What is needed is an exact copy of every entry below, with the pictures left out.

Entries supplied: Begin

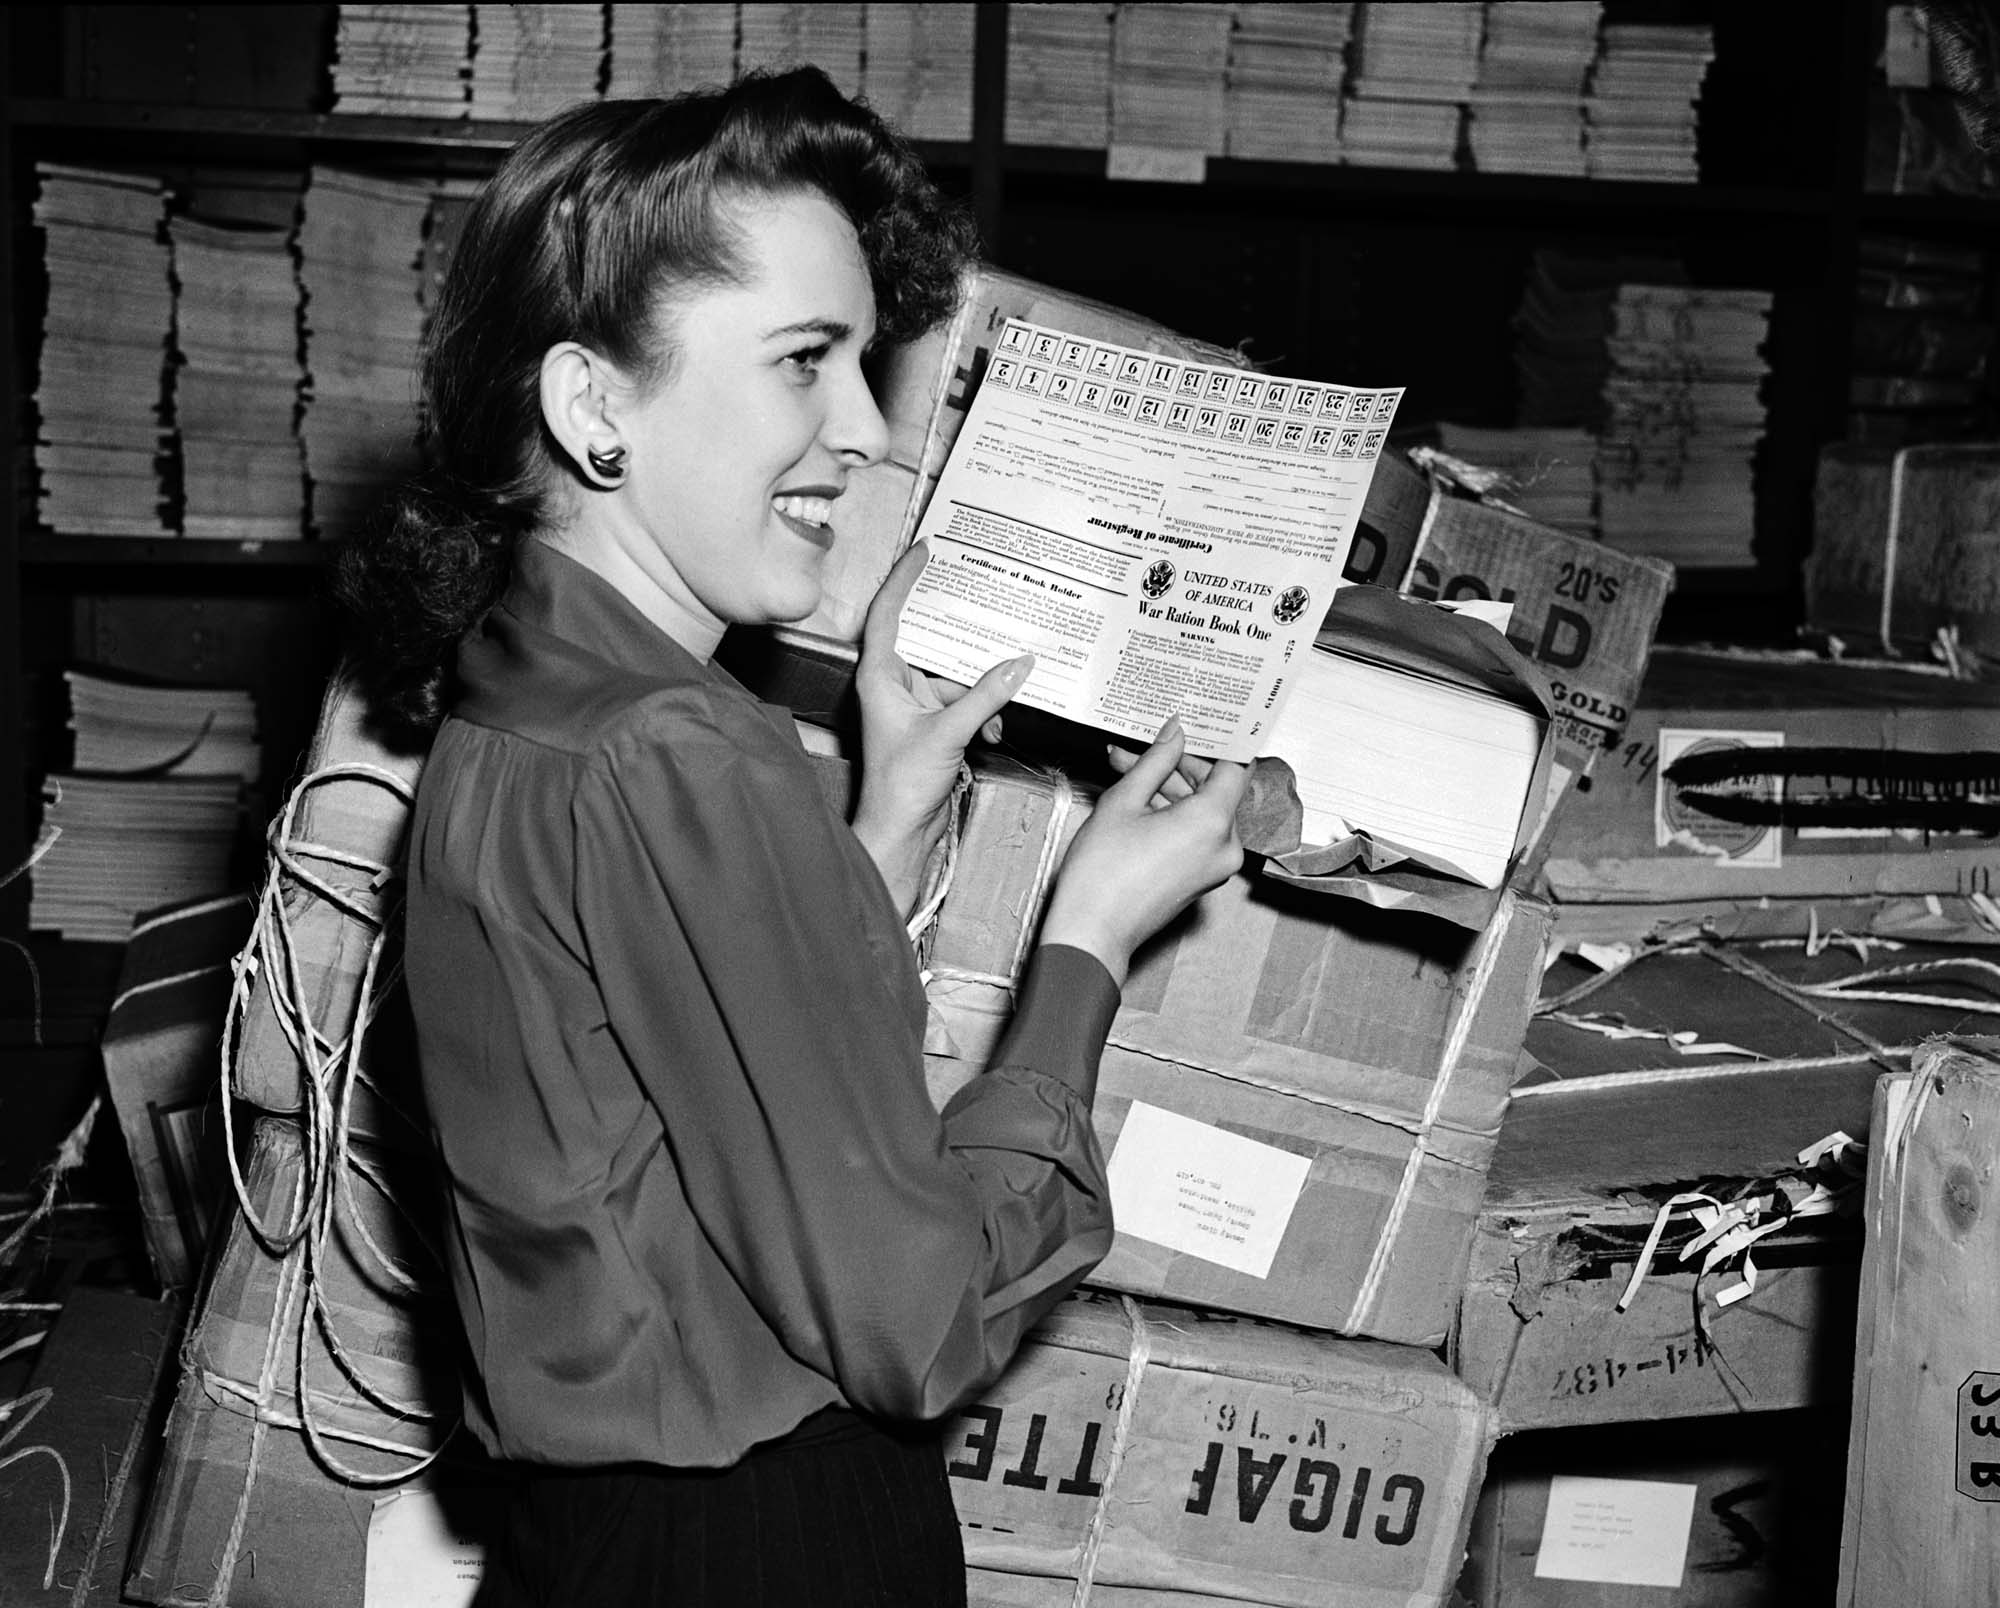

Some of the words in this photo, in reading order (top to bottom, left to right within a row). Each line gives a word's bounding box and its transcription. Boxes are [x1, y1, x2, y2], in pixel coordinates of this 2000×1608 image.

[1010, 330, 1021, 344] 1
[1038, 338, 1051, 352] 3
[1068, 345, 1081, 360] 5
[1097, 352, 1108, 368] 7
[997, 362, 1010, 377] 2
[1127, 360, 1138, 375] 9
[1154, 365, 1172, 382] 11
[1028, 370, 1037, 385] 4
[1057, 378, 1068, 392] 6
[1182, 371, 1201, 388] 13
[1210, 375, 1229, 392] 15
[1085, 386, 1098, 401] 8
[1238, 380, 1258, 398] 17
[1267, 386, 1286, 402] 19
[1112, 392, 1131, 409] 10
[1296, 389, 1316, 407] 21
[1324, 393, 1345, 410] 23
[1352, 396, 1373, 413] 25
[1141, 399, 1160, 416] 12
[1171, 405, 1190, 422] 14
[1200, 410, 1217, 427] 16
[1227, 416, 1247, 433] 18
[1255, 421, 1275, 437] 20
[1283, 424, 1304, 441] 22
[1311, 428, 1332, 446] 24
[1341, 432, 1359, 448] 26
[1364, 432, 1382, 449] 28
[1086, 516, 1143, 539] Registrar
[1142, 530, 1157, 541] of
[1157, 534, 1213, 554] Certificate
[960, 553, 1007, 573] Certificate
[1009, 570, 1020, 579] of
[1022, 573, 1046, 588] Book
[1049, 582, 1082, 599] Holder
[1183, 569, 1229, 588] UNITED
[1229, 578, 1273, 596] STATES
[1554, 561, 1620, 604] 20'S
[1184, 588, 1203, 602] OF
[1201, 592, 1253, 612] AMERICA
[1138, 599, 1164, 619] War
[1164, 605, 1205, 627] Ration
[1208, 614, 1240, 635] Book
[1245, 623, 1272, 640] One
[1179, 630, 1215, 644] WARNING
[1550, 680, 1627, 723] GOLD
[1102, 714, 1126, 728] OFFICE
[1129, 723, 1140, 731] OF
[1142, 726, 1161, 738] PRIC
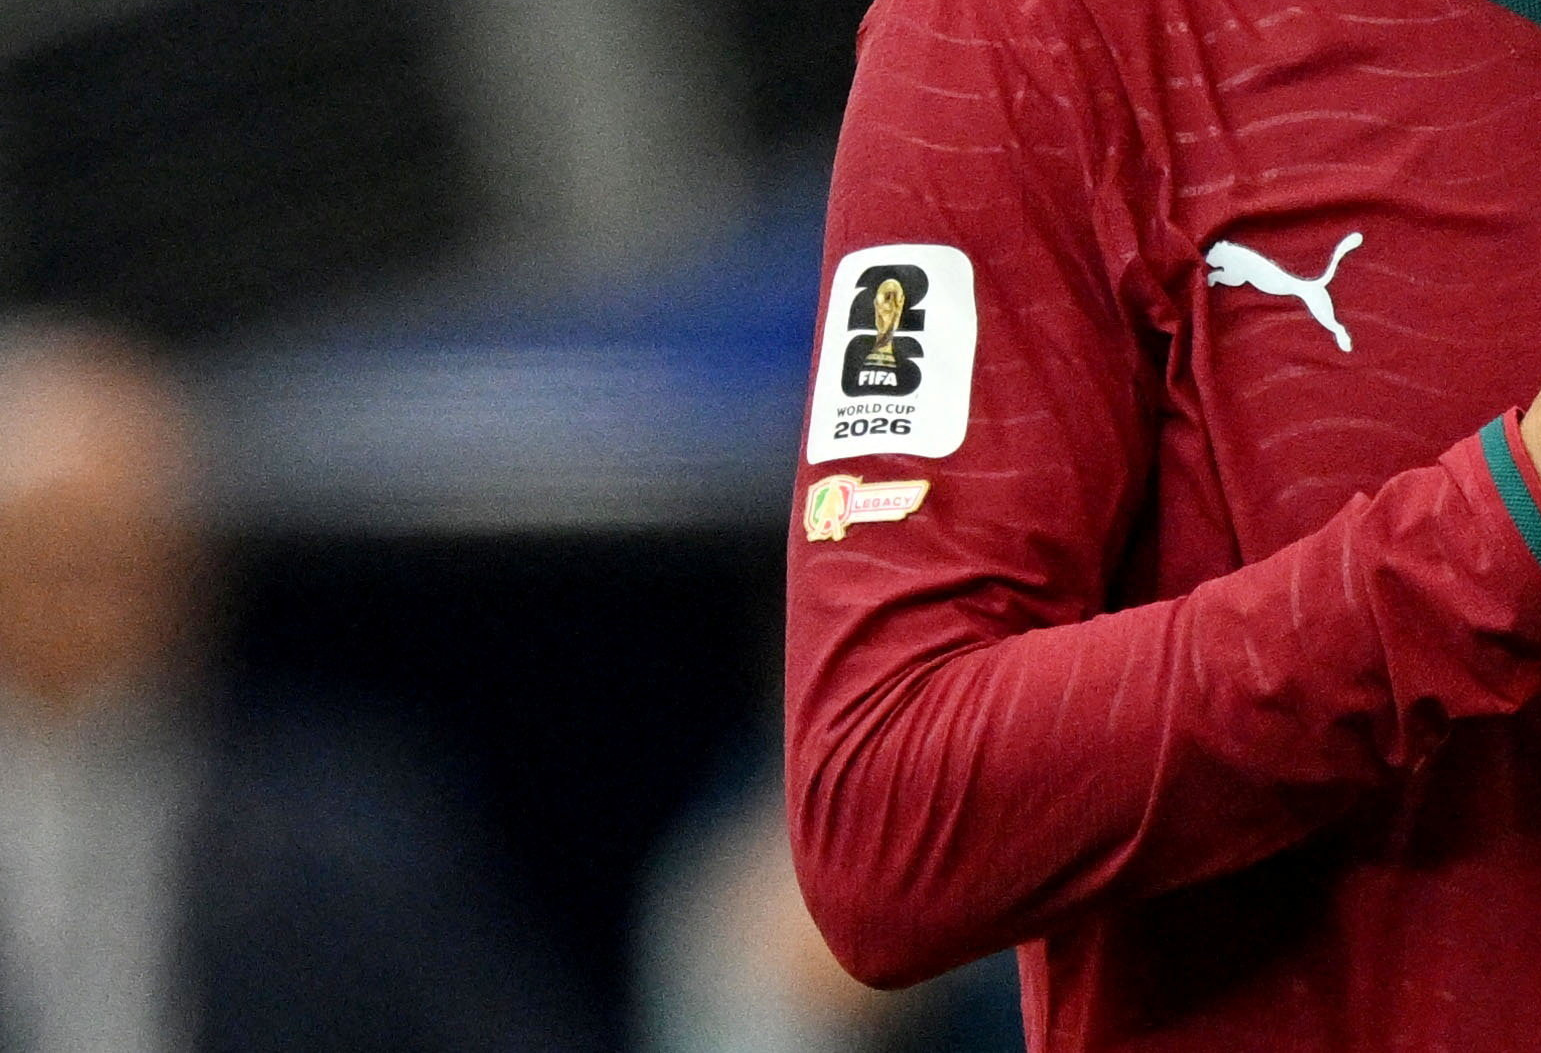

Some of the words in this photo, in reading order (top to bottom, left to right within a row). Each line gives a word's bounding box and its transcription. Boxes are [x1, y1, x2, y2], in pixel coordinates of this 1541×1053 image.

Entries supplied: End

Response area
Some of the words in this photo, in reading order (top to bottom, left to right within a row). Each line gives a word's bounding box and its transcription. Boxes are [x1, y1, x2, y2], in pixel coordinates of this 2000×1608 image.

[1010, 330, 1021, 344] 1
[1038, 338, 1051, 352] 3
[1068, 345, 1081, 360] 5
[1097, 352, 1108, 368] 7
[997, 362, 1010, 377] 2
[1127, 360, 1138, 375] 9
[1154, 365, 1172, 382] 11
[1028, 370, 1037, 385] 4
[1057, 378, 1068, 392] 6
[1182, 371, 1201, 388] 13
[1210, 375, 1229, 392] 15
[1085, 386, 1098, 401] 8
[1238, 380, 1258, 398] 17
[1267, 386, 1286, 402] 19
[1112, 392, 1131, 409] 10
[1296, 389, 1316, 407] 21
[1324, 393, 1345, 410] 23
[1352, 396, 1373, 413] 25
[1141, 399, 1160, 416] 12
[1171, 405, 1190, 422] 14
[1200, 410, 1217, 427] 16
[1227, 416, 1247, 433] 18
[1255, 421, 1275, 437] 20
[1283, 424, 1304, 441] 22
[1311, 428, 1332, 446] 24
[1341, 432, 1359, 448] 26
[1364, 432, 1382, 449] 28
[1086, 516, 1143, 539] Registrar
[1142, 530, 1157, 541] of
[1157, 534, 1213, 554] Certificate
[960, 553, 1007, 573] Certificate
[1009, 570, 1020, 579] of
[1022, 573, 1046, 588] Book
[1049, 582, 1082, 599] Holder
[1183, 569, 1229, 588] UNITED
[1229, 578, 1273, 596] STATES
[1554, 561, 1620, 604] 20'S
[1184, 588, 1203, 602] OF
[1201, 592, 1253, 612] AMERICA
[1138, 599, 1164, 619] War
[1164, 605, 1205, 627] Ration
[1208, 614, 1240, 635] Book
[1245, 623, 1272, 640] One
[1179, 630, 1215, 644] WARNING
[1550, 680, 1627, 723] GOLD
[1102, 714, 1126, 728] OFFICE
[1129, 723, 1140, 731] OF
[1142, 726, 1161, 738] PRIC

Some of the words in this photo, in reading order (top to bottom, left to right within a row). Each line gives a word's bounding box and its transcription. Boxes are [x1, y1, x2, y2], in pixel coordinates of this 1541×1053 image.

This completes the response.